(Records for the exercise begins)
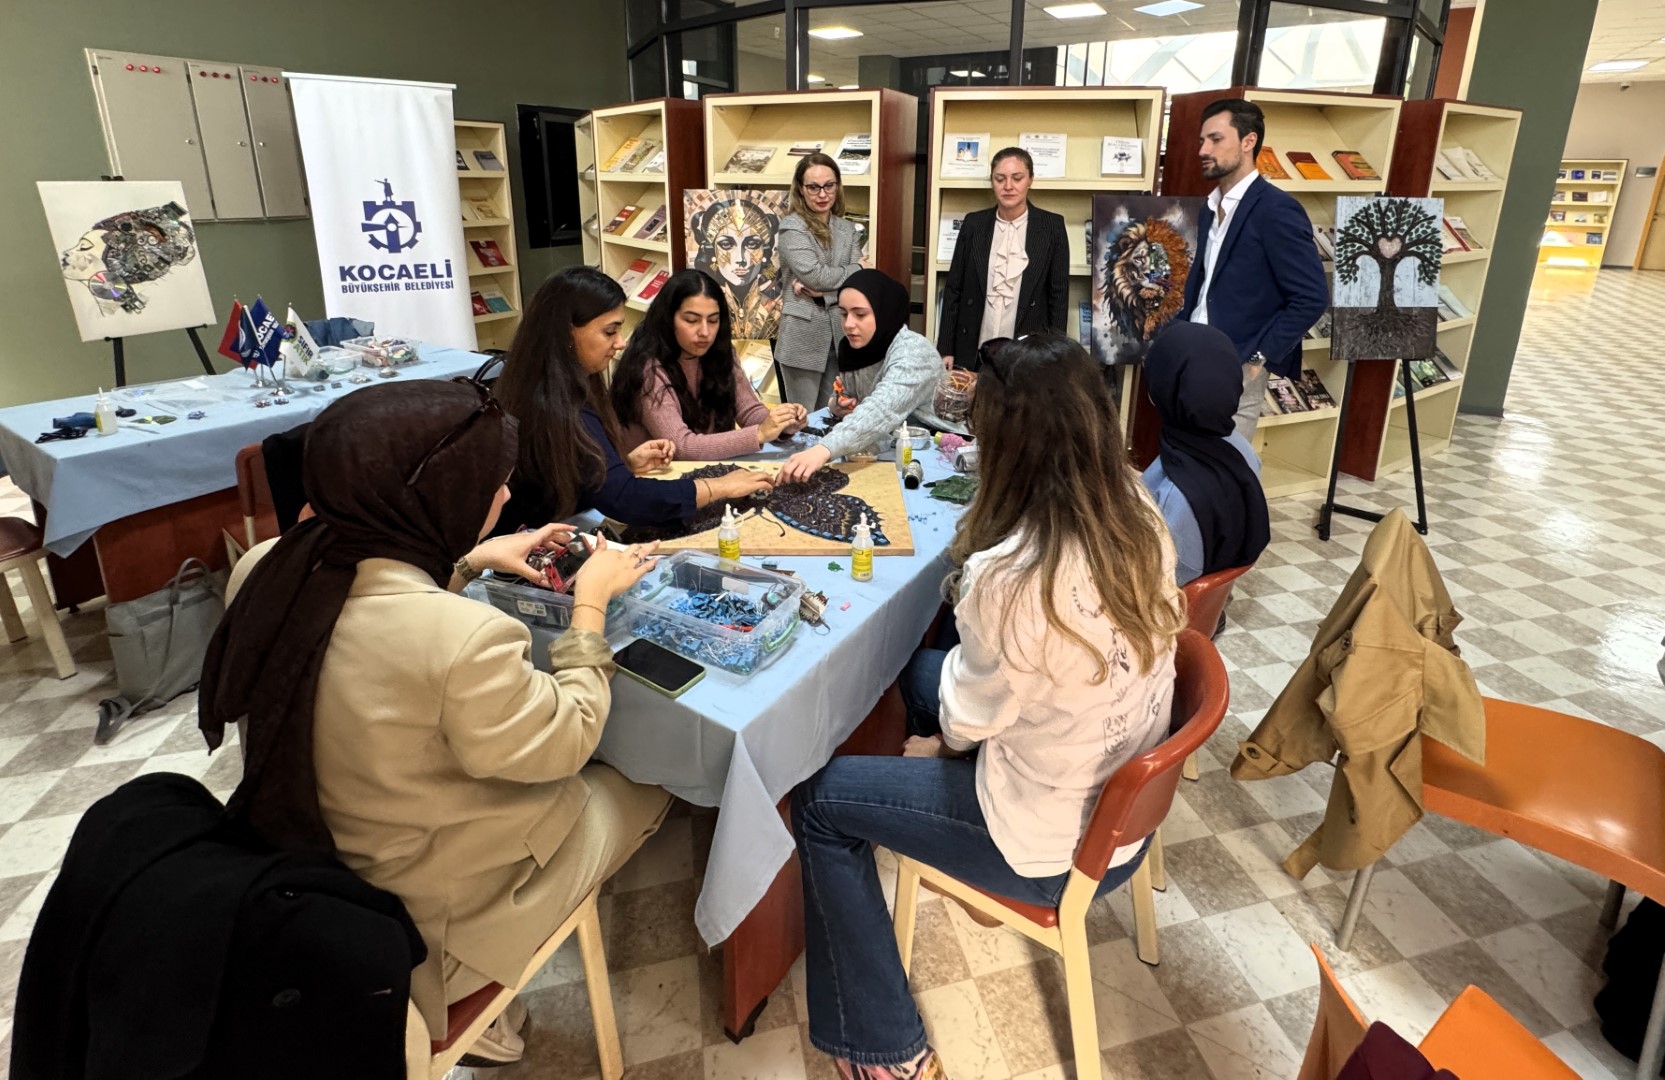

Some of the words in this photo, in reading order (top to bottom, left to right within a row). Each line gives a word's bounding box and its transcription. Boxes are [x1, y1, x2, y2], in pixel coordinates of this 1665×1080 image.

[339, 259, 453, 282] KOCAELİ
[341, 281, 401, 293] BÜYÜKŞEHİR
[405, 280, 454, 291] BELEDİYESİ
[257, 312, 275, 341] OCAE
[293, 344, 310, 366] ATIK
[298, 335, 314, 359] SIFIR
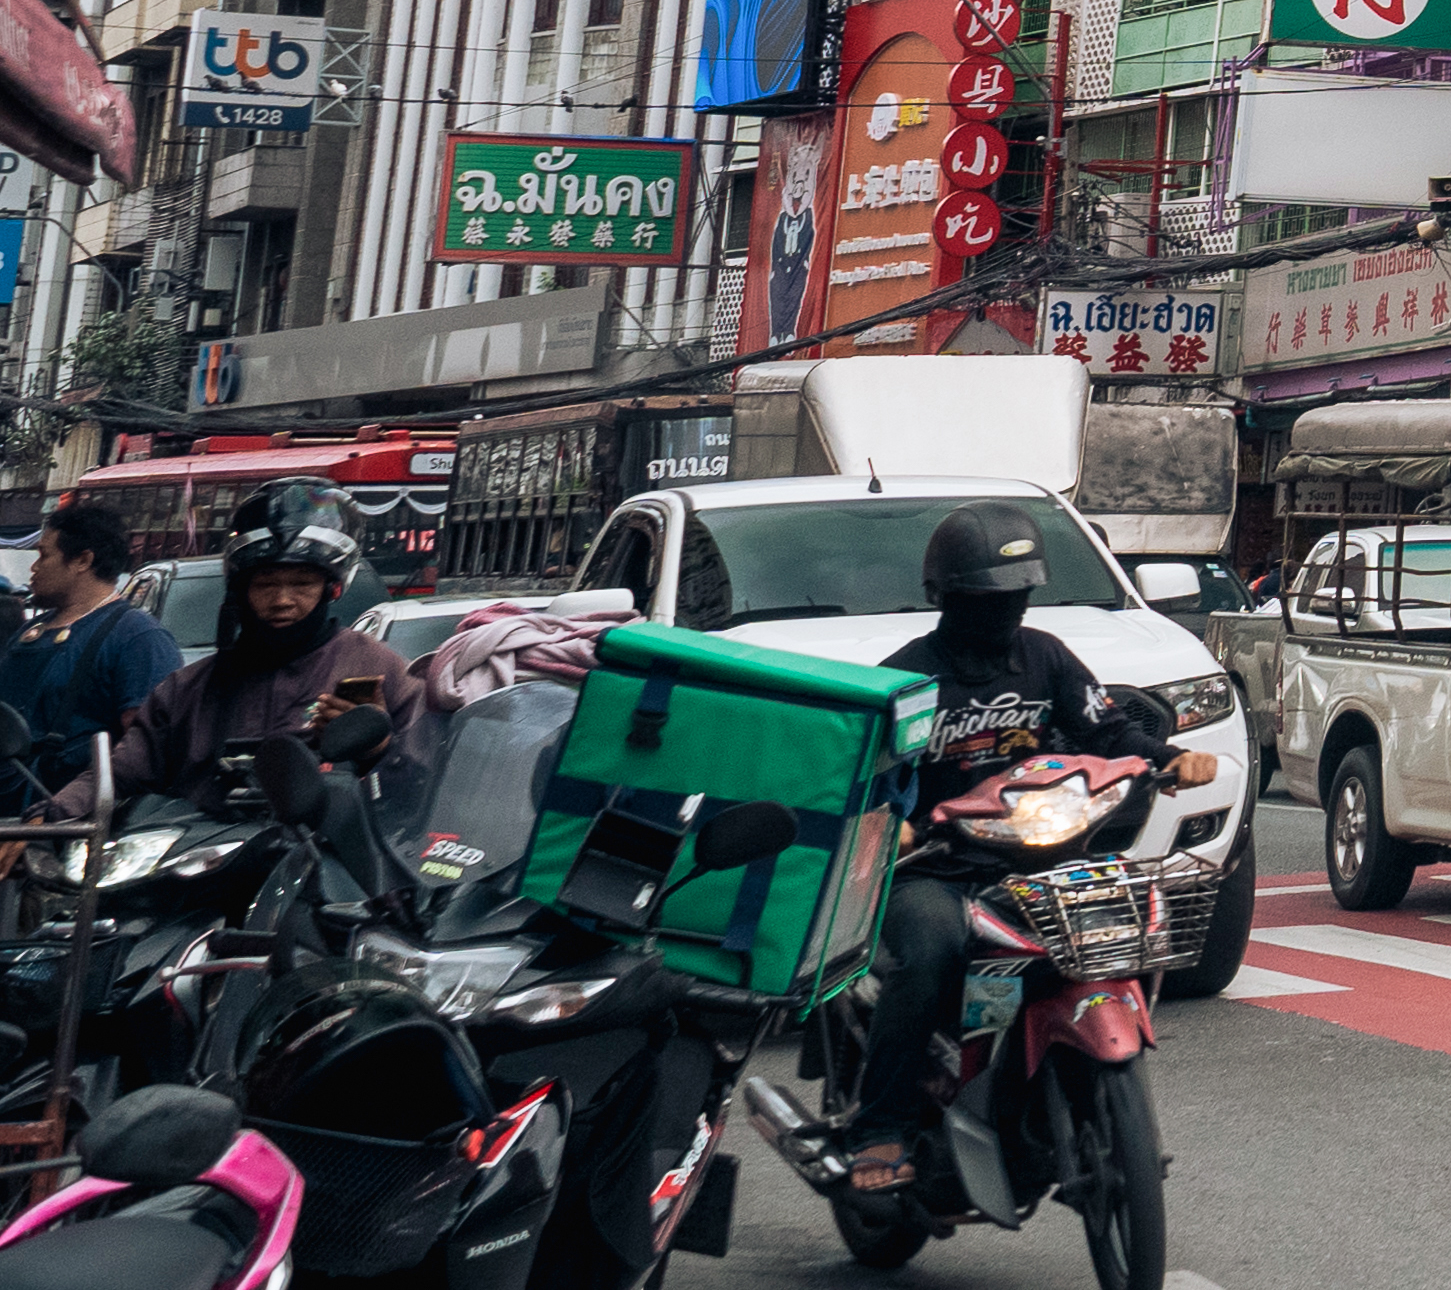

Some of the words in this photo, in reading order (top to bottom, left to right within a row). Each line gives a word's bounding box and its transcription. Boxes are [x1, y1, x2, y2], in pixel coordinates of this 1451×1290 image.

[205, 26, 310, 80] ttb
[232, 107, 284, 127] 1428
[455, 146, 676, 218] ฉ.มั่นคง
[466, 1229, 531, 1260] HONDA
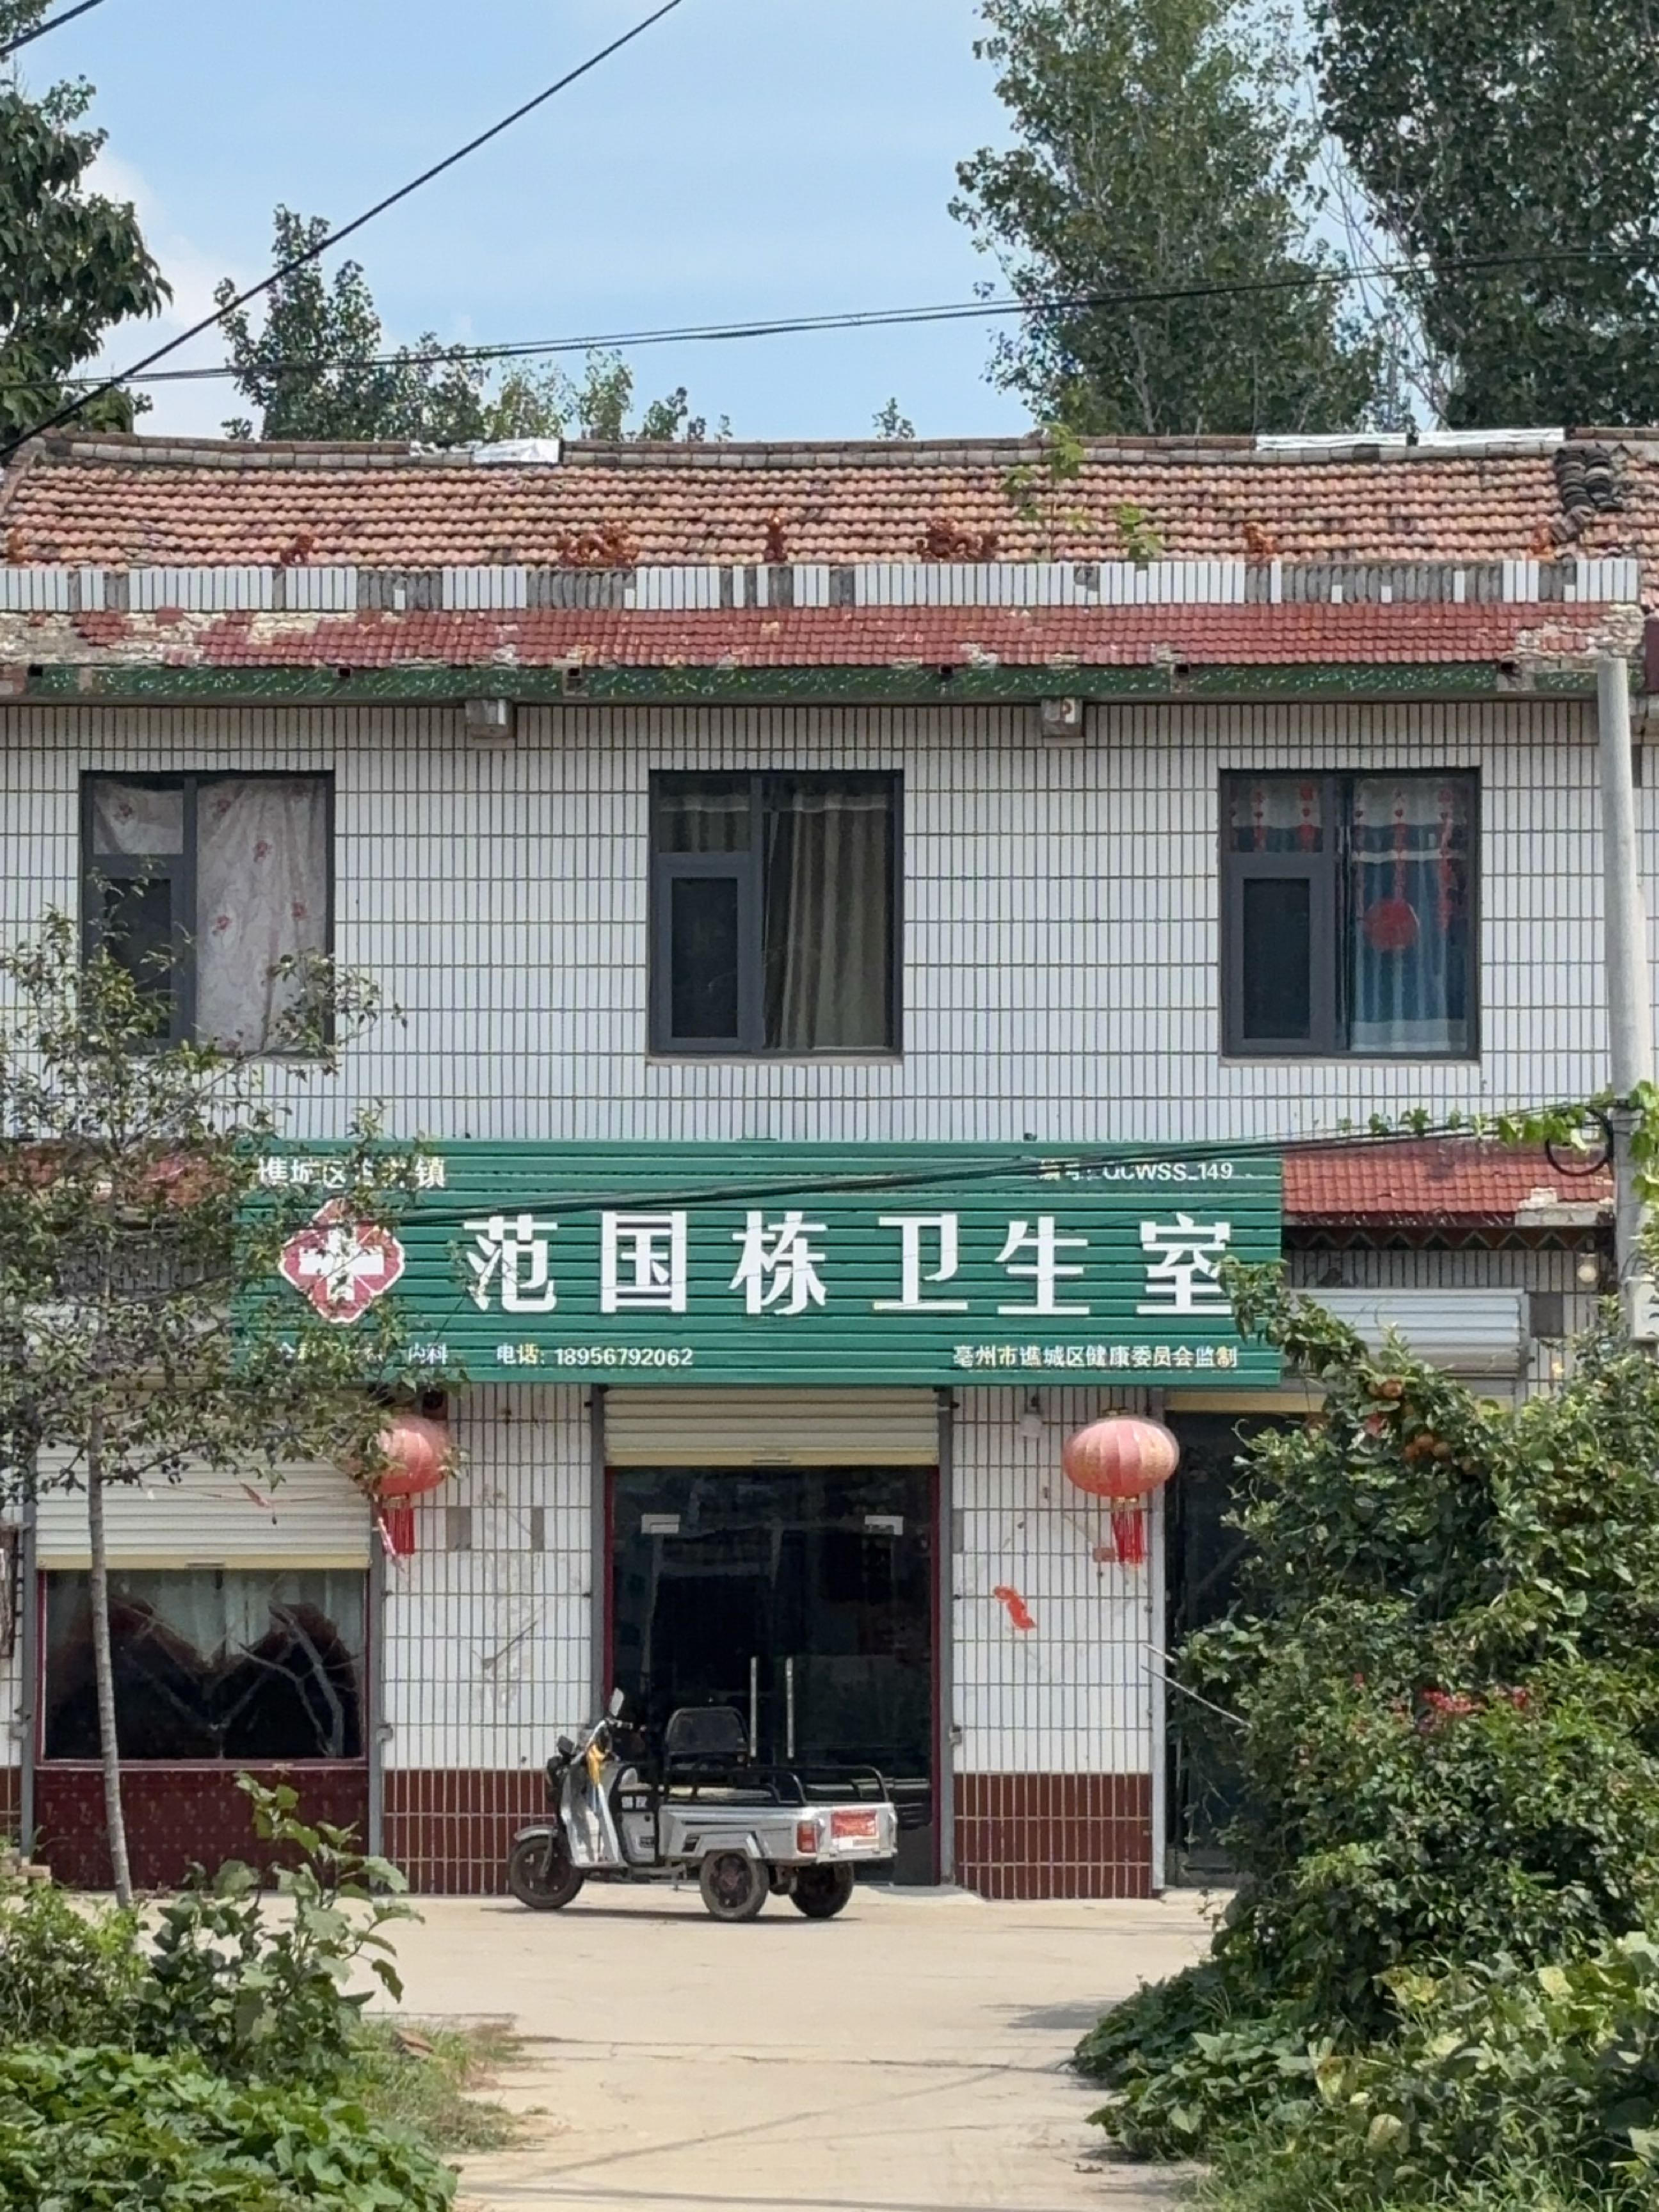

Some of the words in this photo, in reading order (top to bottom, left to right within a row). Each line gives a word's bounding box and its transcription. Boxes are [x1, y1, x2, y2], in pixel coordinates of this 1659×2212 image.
(Records for the exercise ends)
## Required work:
Your response must reproduce every line of the data exactly, with images omitted.

## Task answer:
Some of the words in this photo, in reading order (top to bottom, left to right within a row). Each line gives a word's bounding box and its transcription. Boxes are [x1, y1, x2, y2], in pixel coordinates of this 1665×1080 image.

[339, 259, 453, 282] KOCAELİ
[341, 281, 401, 293] BÜYÜKŞEHİR
[405, 280, 454, 291] BELEDİYESİ
[257, 312, 275, 341] OCAE
[293, 344, 310, 366] ATIK
[298, 335, 314, 359] SIFIR

Some of the words in this photo, in reading order (top to bottom, left to right within a row). Each line gives a word's bounding box and its transcription. Boxes are [x1, y1, x2, y2], in pixel coordinates of this 1451×1290 image.

[205, 26, 310, 80] ttb
[232, 107, 284, 127] 1428
[455, 146, 676, 218] ฉ.มั่นคง
[466, 1229, 531, 1260] HONDA

Some of the words in this photo, in reading order (top to bottom, left to right within a row). Each line gives a word's bounding box and its transcription. Boxes are [x1, y1, x2, y2], in pixel coordinates of this 1659×2212 image.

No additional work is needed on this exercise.